### Task goal
Repeat each line of the data below exactly, but skip the pictures.

### Given information
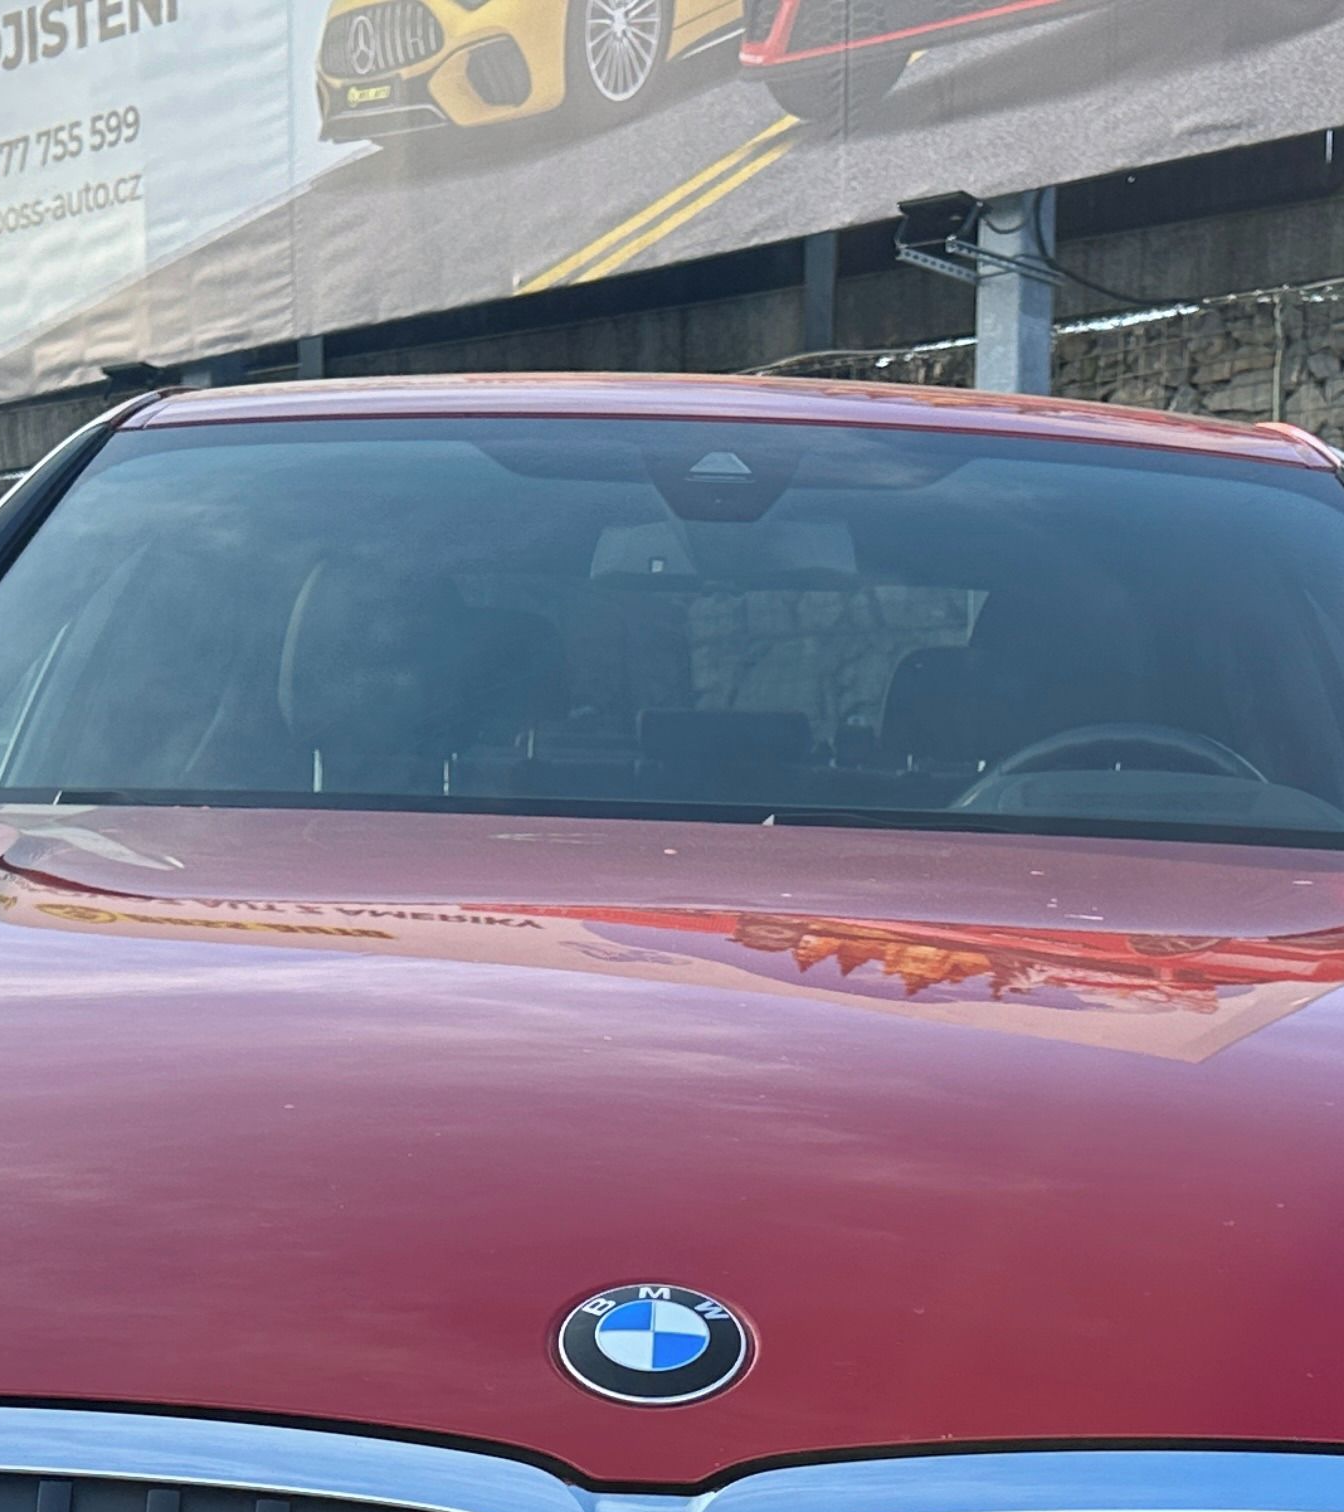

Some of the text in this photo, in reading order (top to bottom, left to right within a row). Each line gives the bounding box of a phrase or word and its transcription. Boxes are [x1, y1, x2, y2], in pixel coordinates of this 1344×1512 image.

[36, 121, 83, 167] 755
[89, 105, 141, 151] 599
[582, 1287, 730, 1320] BMW
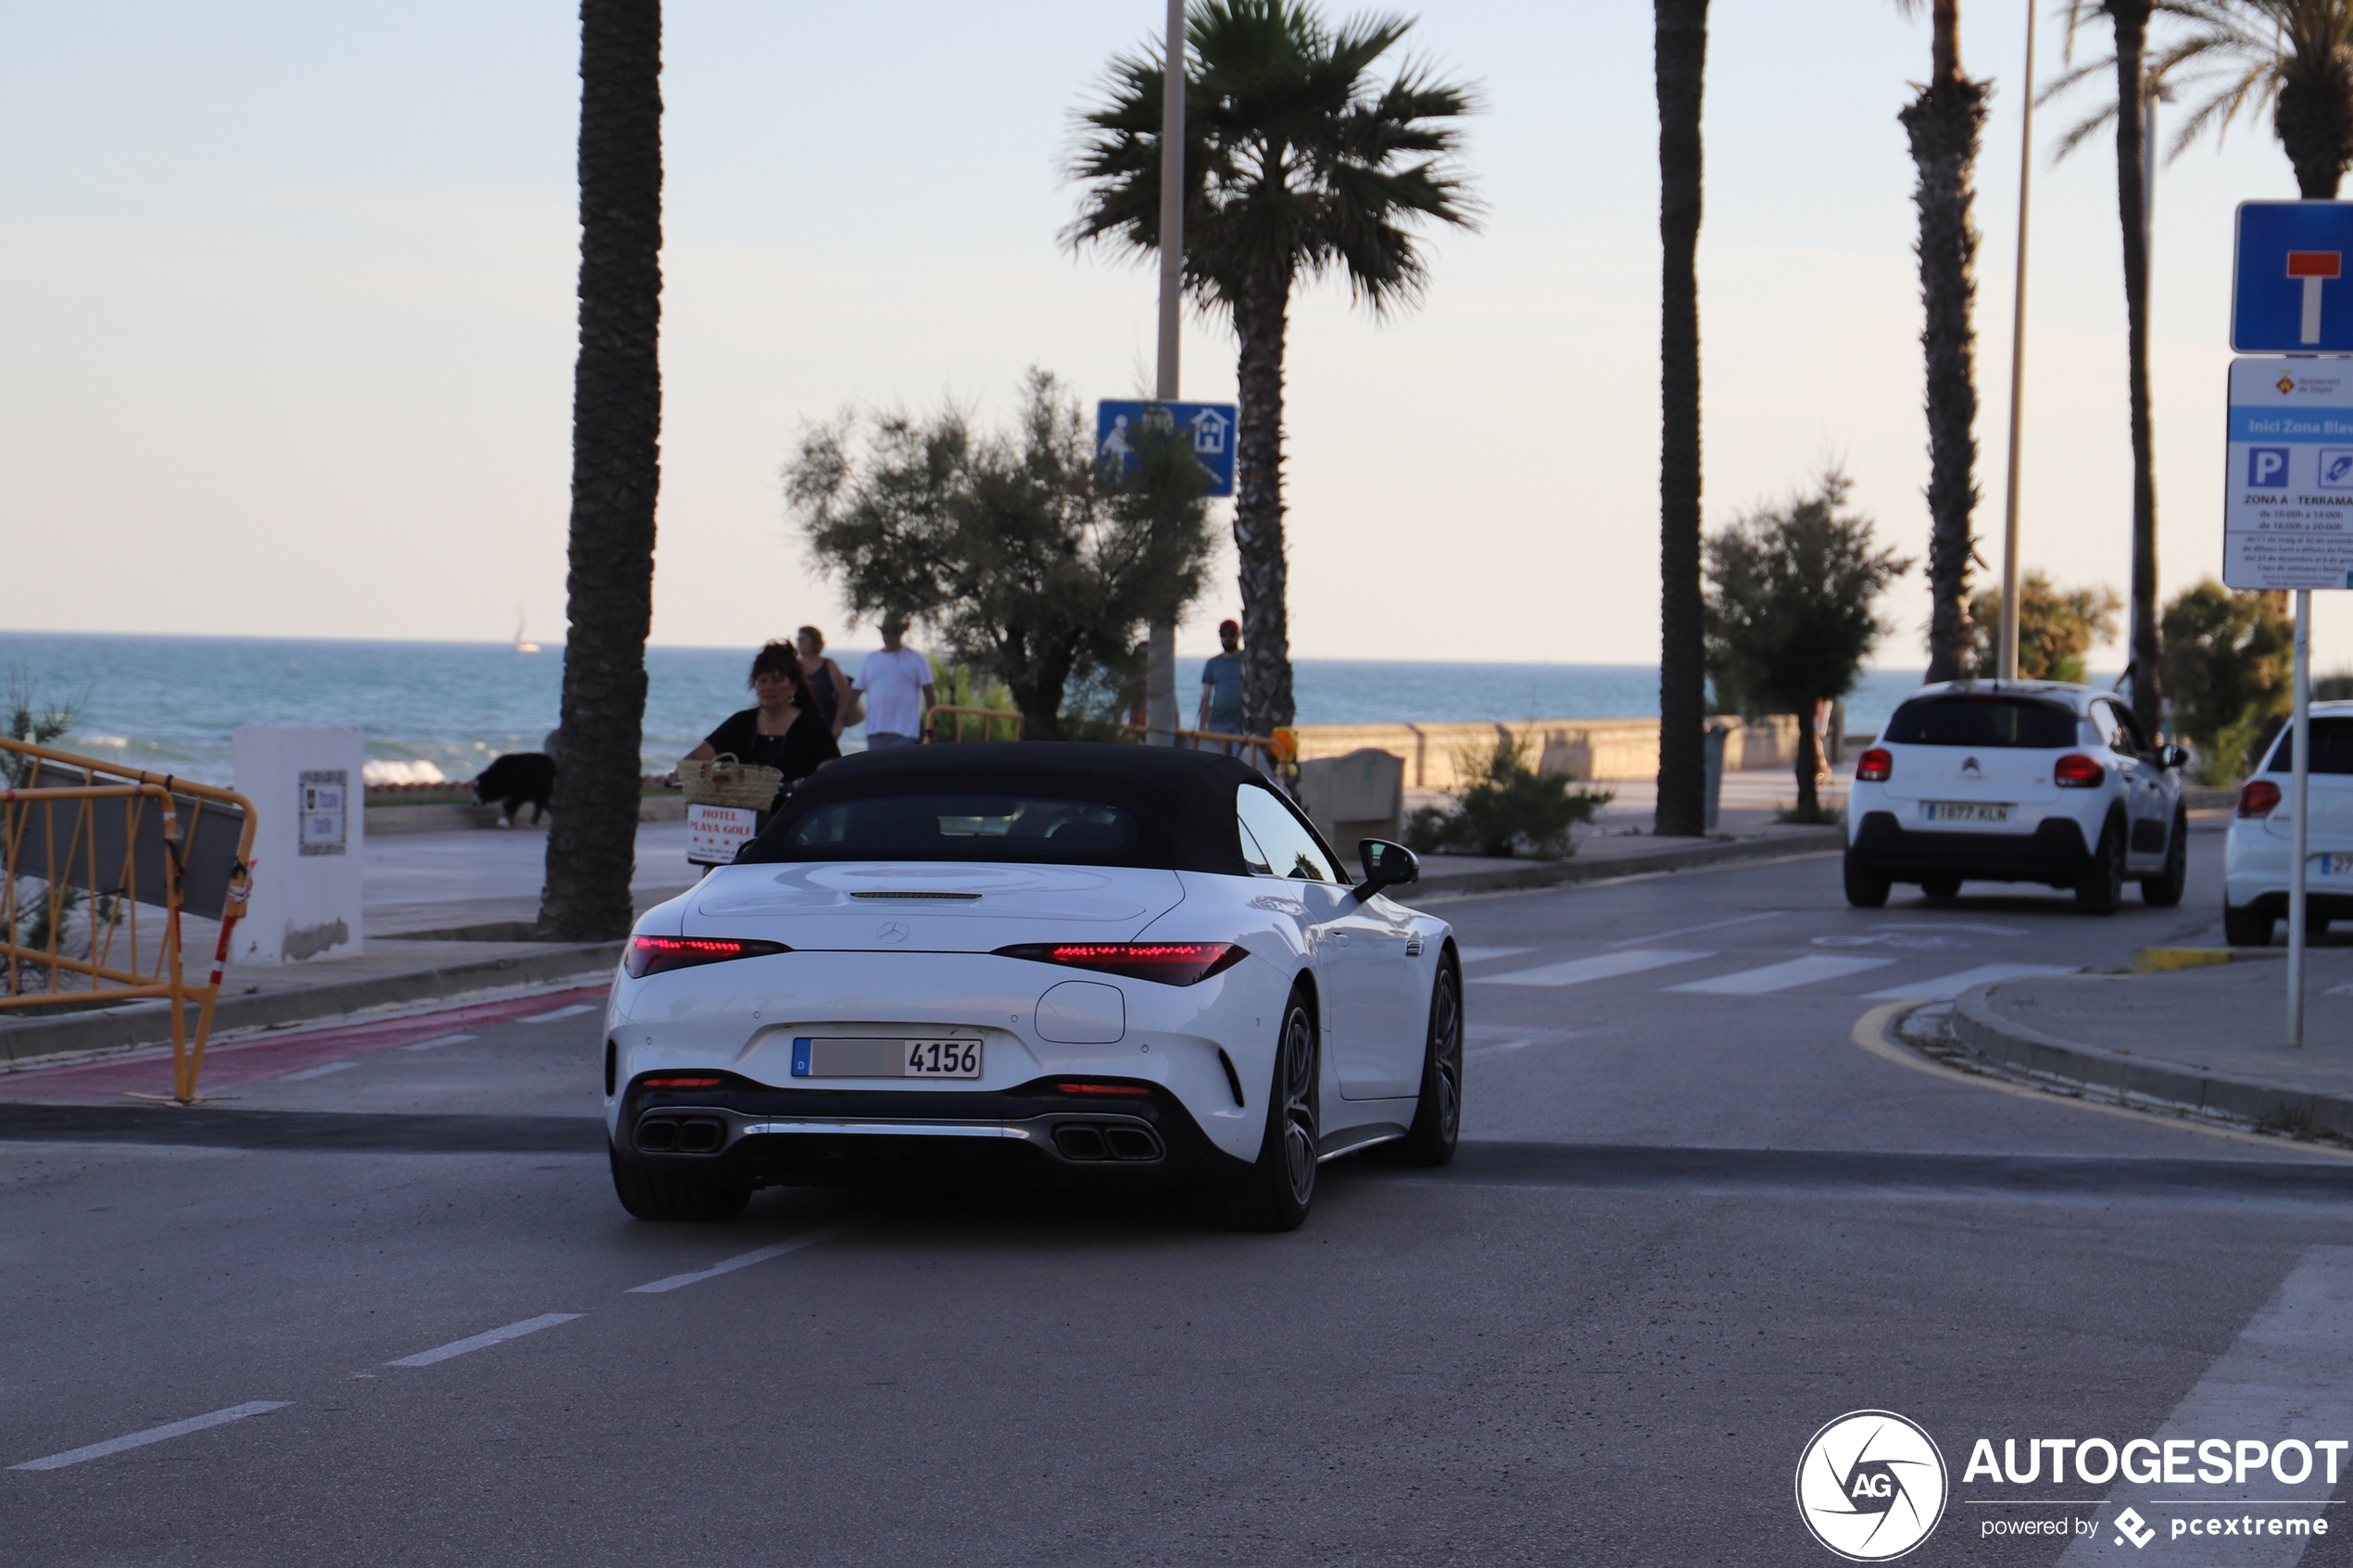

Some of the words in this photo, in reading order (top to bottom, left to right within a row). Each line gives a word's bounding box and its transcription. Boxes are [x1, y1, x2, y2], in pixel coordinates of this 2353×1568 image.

[2249, 419, 2280, 433] Inici
[2284, 420, 2321, 433] Zona
[2245, 495, 2278, 505] ZONA
[2280, 495, 2288, 505] A
[702, 809, 737, 822] HOTEL
[1939, 805, 1975, 820] 1877
[1979, 807, 2007, 821] KLN
[689, 821, 720, 833] PLAYA
[724, 825, 752, 835] GOLF
[798, 1061, 805, 1070] D
[910, 1043, 976, 1073] 4156
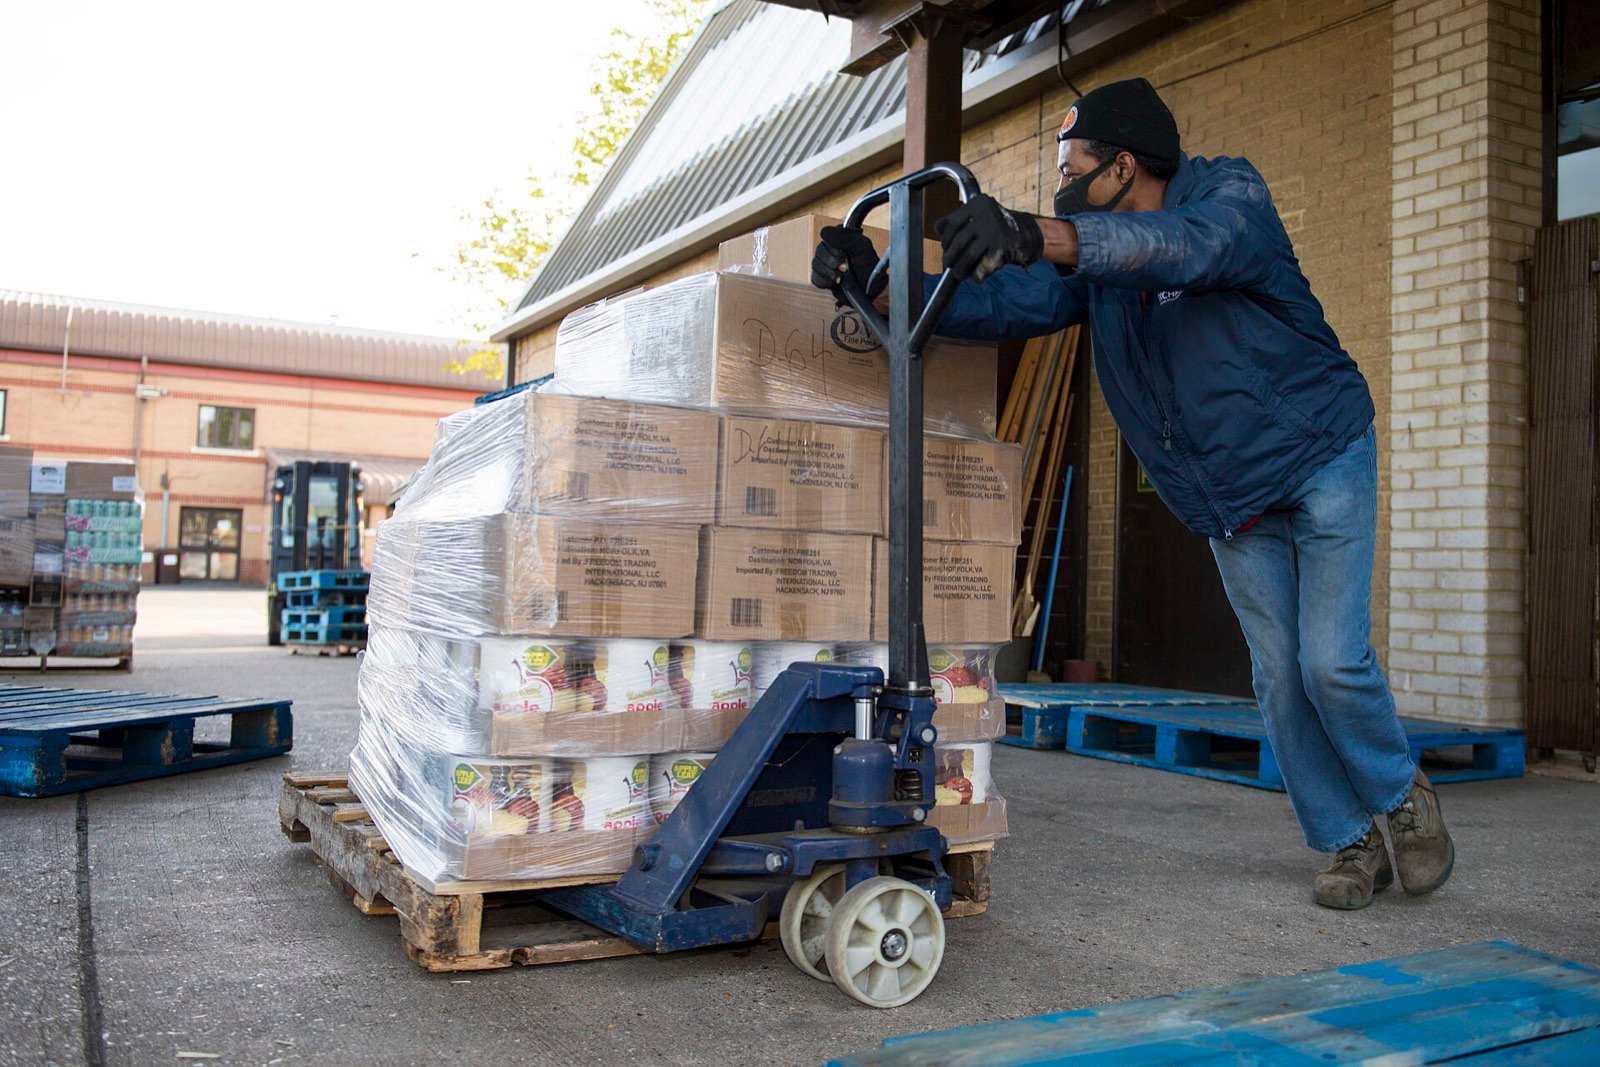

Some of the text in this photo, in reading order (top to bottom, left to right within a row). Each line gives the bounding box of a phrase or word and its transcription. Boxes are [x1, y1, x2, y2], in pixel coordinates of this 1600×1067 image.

### Finished task
Some of the text in this photo, in reading order (top to bottom, left to right within a row). Each line gives the bounding box of a phrase or word and its transcription. Boxes are [x1, y1, x2, y2], in pixel coordinates of this 1344×1512 image.

[36, 121, 83, 167] 755
[89, 105, 141, 151] 599
[582, 1287, 730, 1320] BMW

Some of the words in this photo, in reading order (top to bottom, left to right within a row). Each line gives a word's bounding box and its transcription. Boxes are [x1, y1, x2, y2], in pixel coordinates of this 2353×1568 image.

[2249, 419, 2280, 433] Inici
[2284, 420, 2321, 433] Zona
[2245, 495, 2278, 505] ZONA
[2280, 495, 2288, 505] A
[702, 809, 737, 822] HOTEL
[1939, 805, 1975, 820] 1877
[1979, 807, 2007, 821] KLN
[689, 821, 720, 833] PLAYA
[724, 825, 752, 835] GOLF
[798, 1061, 805, 1070] D
[910, 1043, 976, 1073] 4156

Some of the text in this photo, in reading order (top to bottom, left to right within a row). Each line gives the bounding box of a phrase or word and its transcription. Boxes are [x1, y1, x2, y2], in pixel coordinates of this 1600×1067 image.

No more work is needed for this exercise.